Listed records:

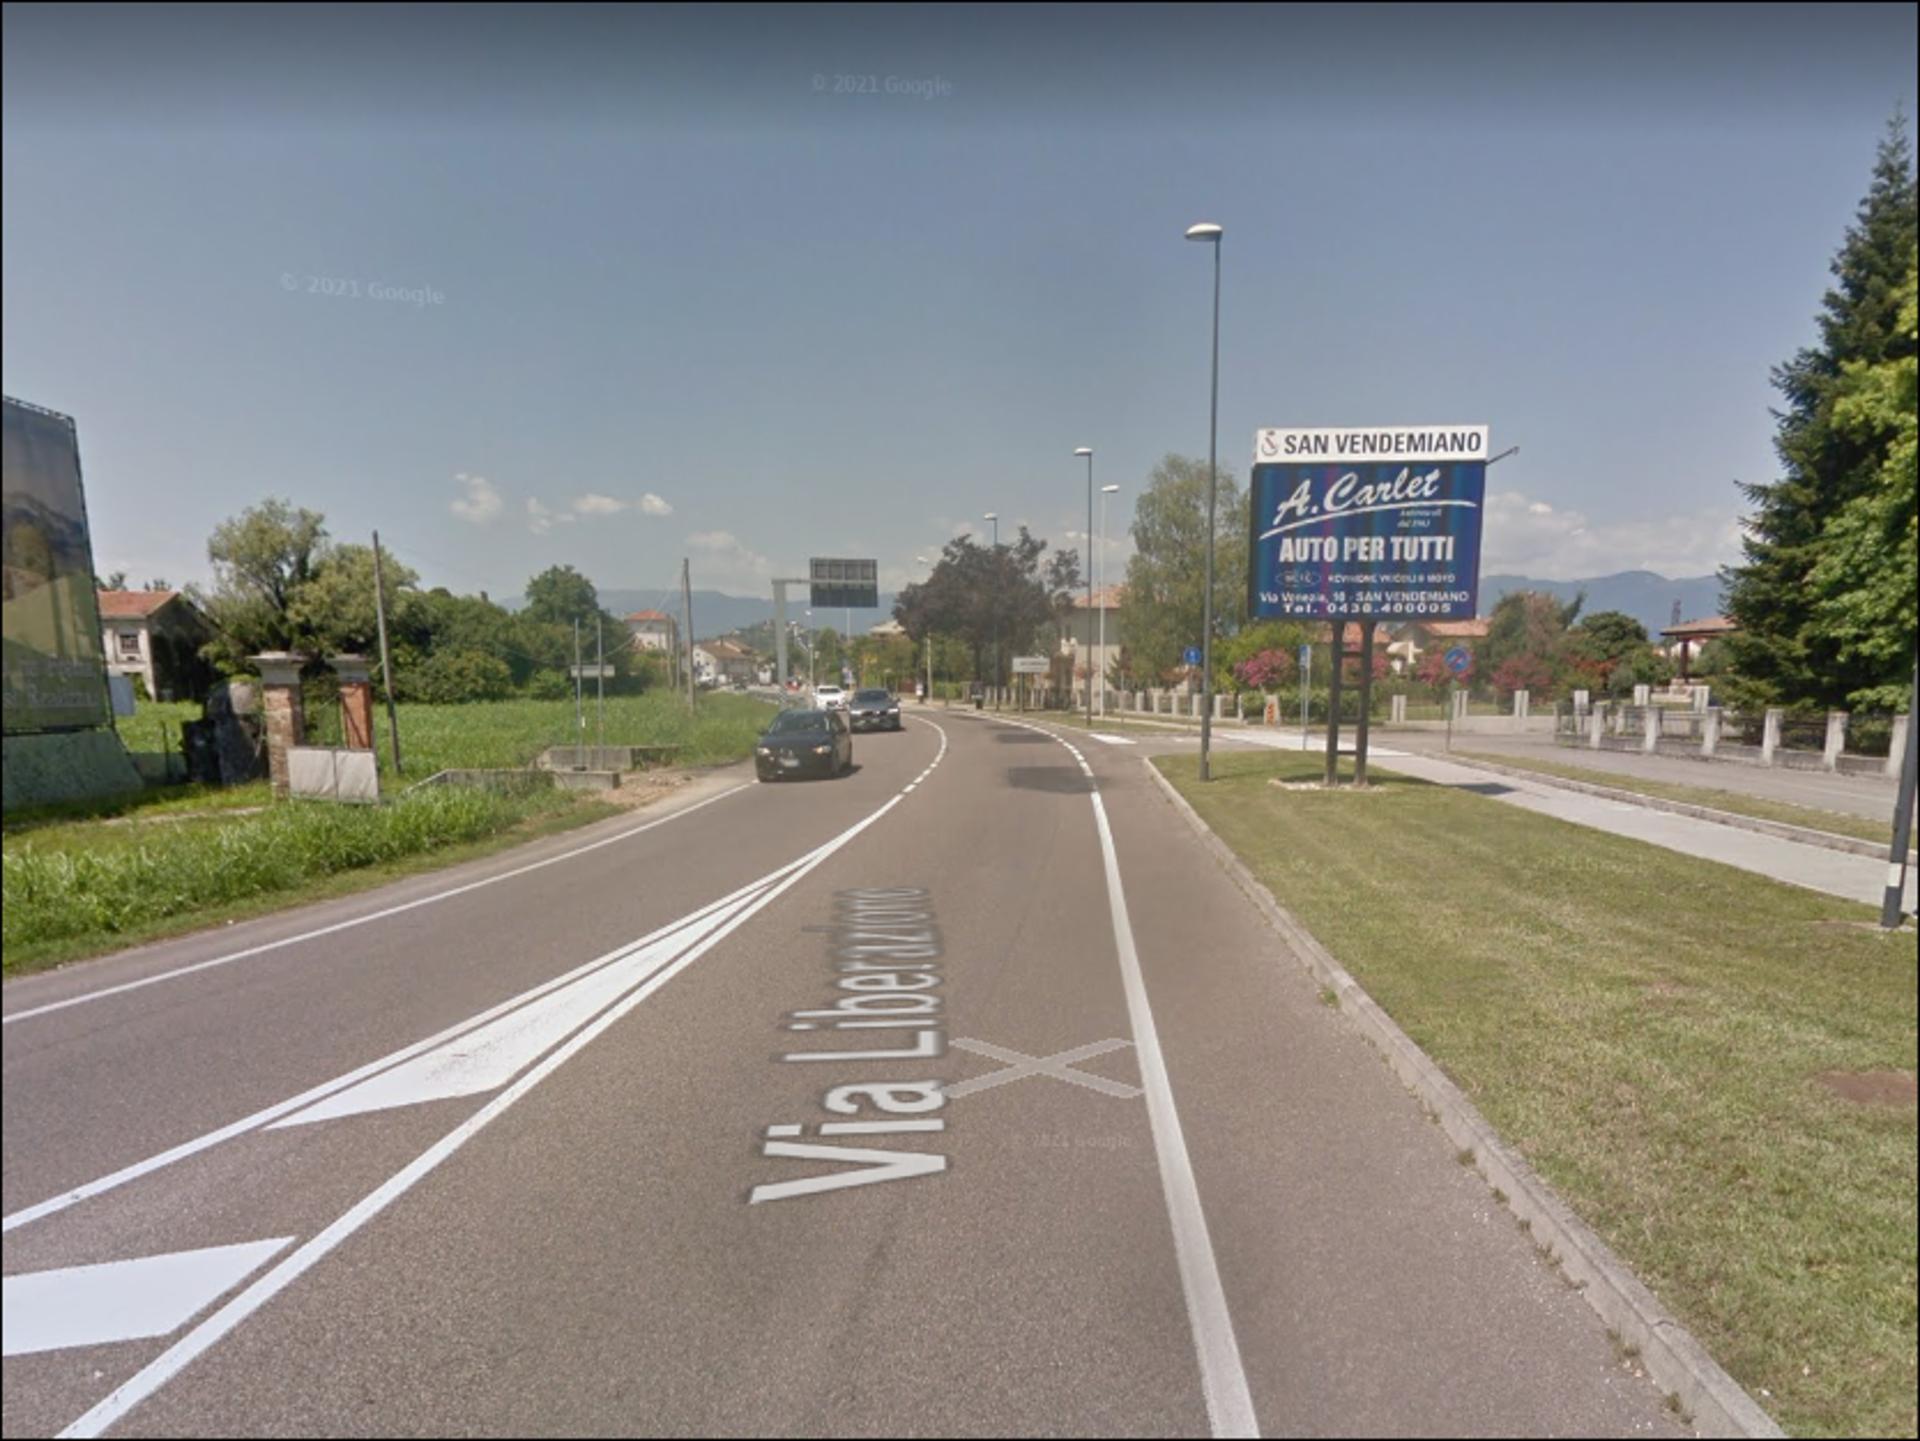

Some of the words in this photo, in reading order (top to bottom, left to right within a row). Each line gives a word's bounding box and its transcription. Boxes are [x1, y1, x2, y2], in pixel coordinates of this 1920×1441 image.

[1284, 434, 1329, 454] SAN
[1336, 432, 1482, 454] VENDEMIANO
[1322, 467, 1441, 511] Carlet
[1279, 536, 1338, 562] AUTO
[1343, 536, 1385, 562] PER
[1390, 536, 1455, 561] TUTTI
[1260, 592, 1278, 604] Via
[1356, 592, 1382, 602] SAN
[1385, 591, 1469, 601] VENDEMIANO
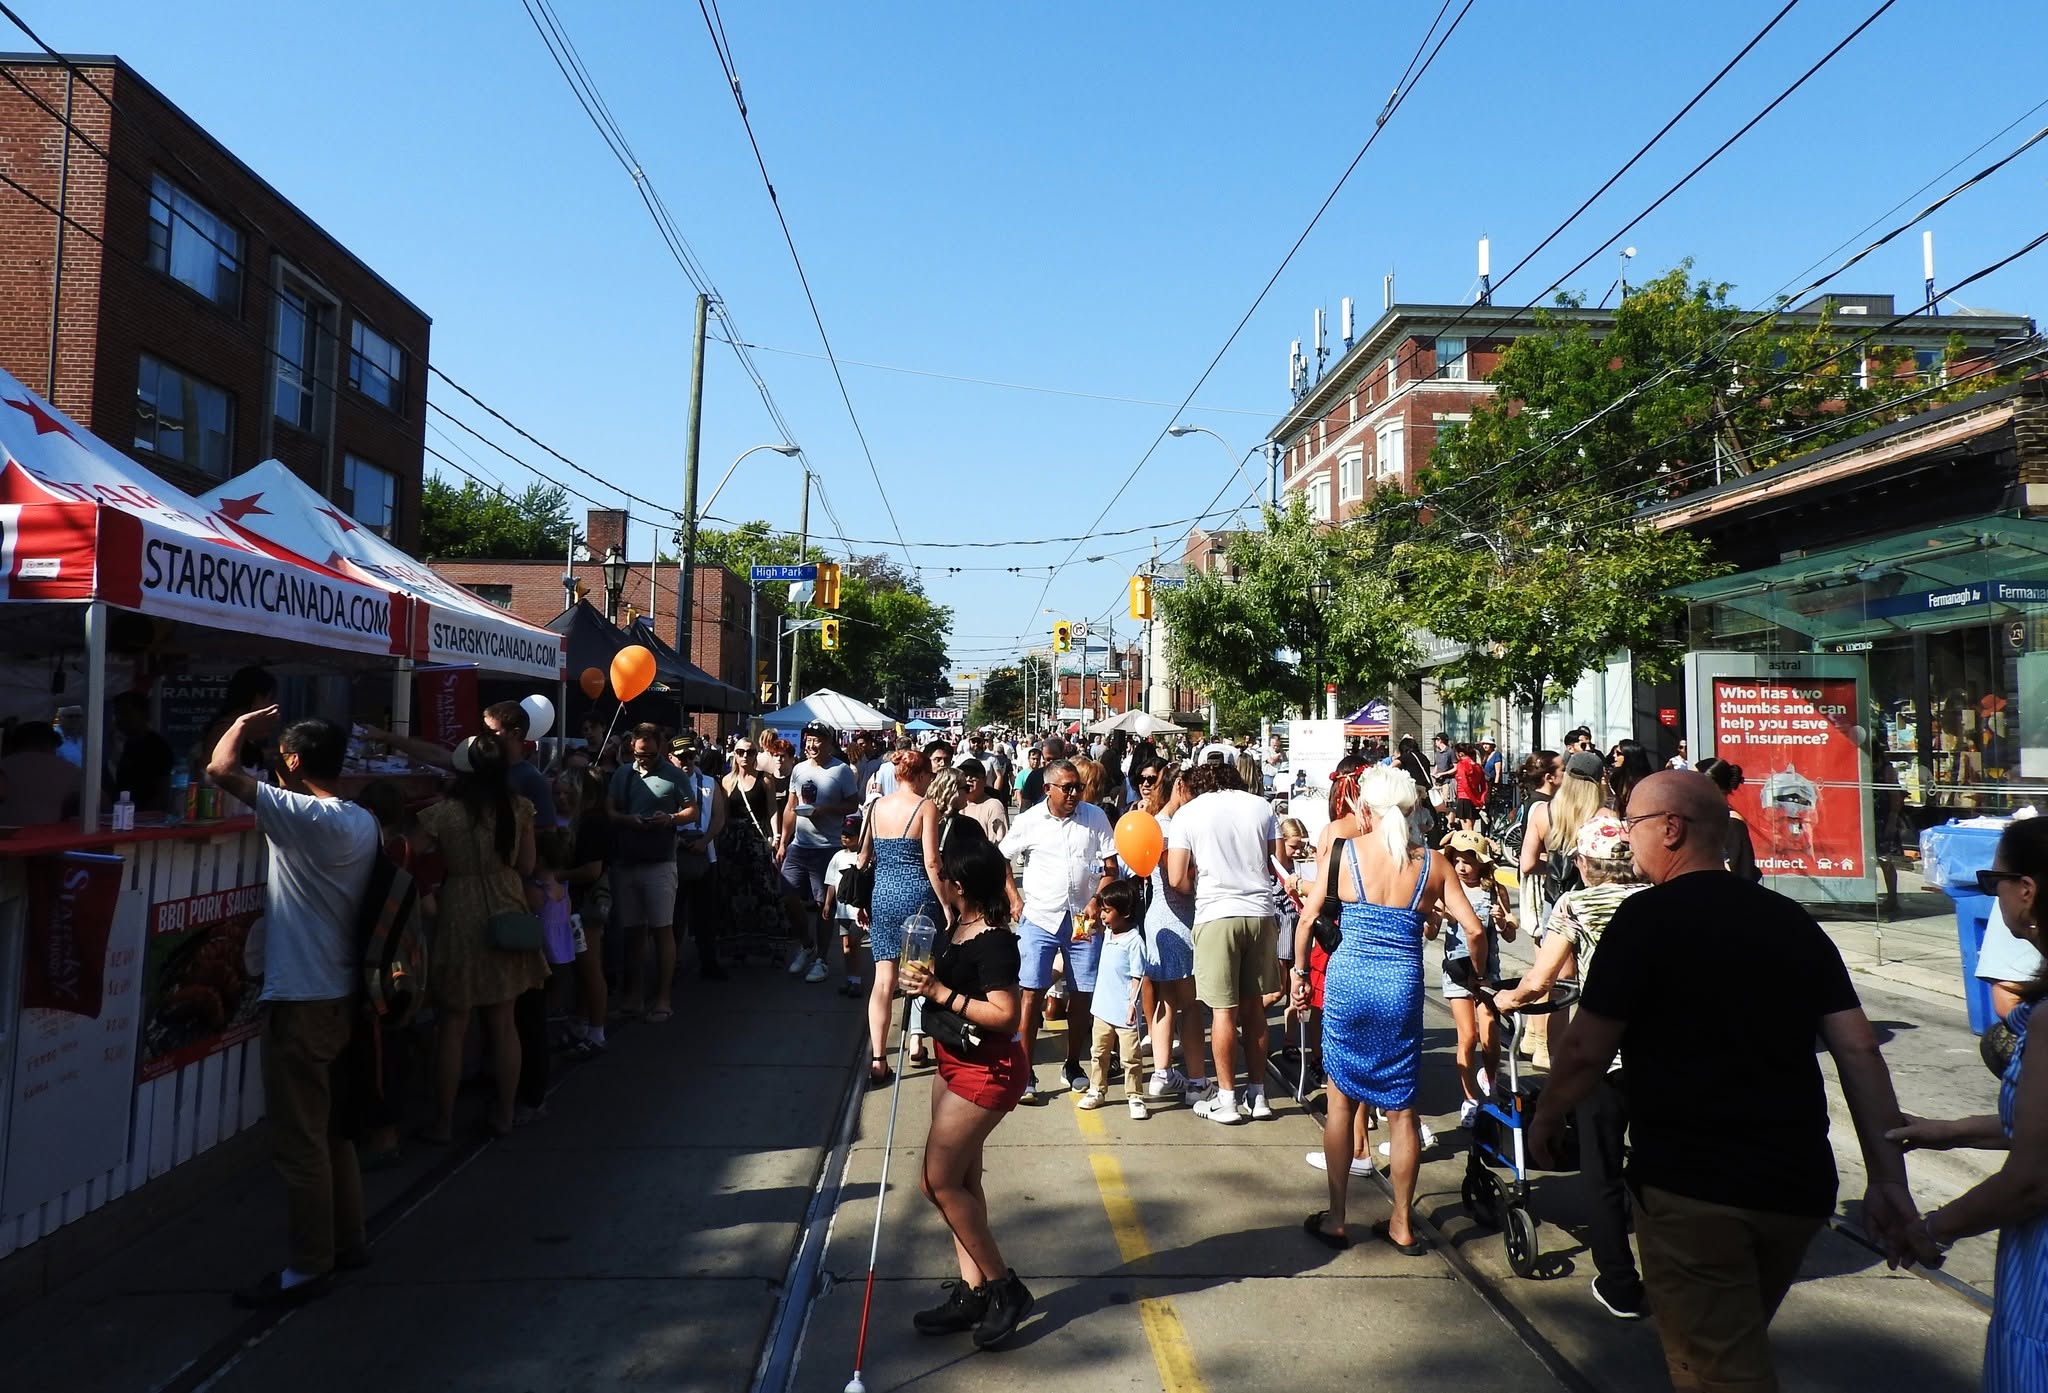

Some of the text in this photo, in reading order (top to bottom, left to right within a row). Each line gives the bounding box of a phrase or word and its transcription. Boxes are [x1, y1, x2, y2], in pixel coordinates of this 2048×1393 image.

[756, 567, 777, 578] High
[782, 567, 804, 576] Park
[144, 538, 389, 636] STARSKYCANADA.COM
[1999, 584, 2048, 599] Fermana
[1928, 587, 1981, 608] Fermanagh Av
[433, 622, 557, 668] STARSKYCANADA.COM
[1768, 659, 1801, 670] astral
[1720, 687, 1823, 700] Who has two
[913, 710, 958, 718] PIEROGI
[1720, 702, 1847, 715] thumbs and can
[1720, 717, 1829, 731] help you save
[1721, 732, 1829, 745] on insurance?
[158, 885, 267, 934] BBQ PORK SAUSA

Exercise brief:
Begin at the line containing "Some of the text" and reproduce each line through the end of the records above.

Completed exercise:
Some of the text in this photo, in reading order (top to bottom, left to right within a row). Each line gives the bounding box of a phrase or word and its transcription. Boxes are [x1, y1, x2, y2], in pixel coordinates of this 2048×1393 image.

[756, 567, 777, 578] High
[782, 567, 804, 576] Park
[144, 538, 389, 636] STARSKYCANADA.COM
[1999, 584, 2048, 599] Fermana
[1928, 587, 1981, 608] Fermanagh Av
[433, 622, 557, 668] STARSKYCANADA.COM
[1768, 659, 1801, 670] astral
[1720, 687, 1823, 700] Who has two
[913, 710, 958, 718] PIEROGI
[1720, 702, 1847, 715] thumbs and can
[1720, 717, 1829, 731] help you save
[1721, 732, 1829, 745] on insurance?
[158, 885, 267, 934] BBQ PORK SAUSA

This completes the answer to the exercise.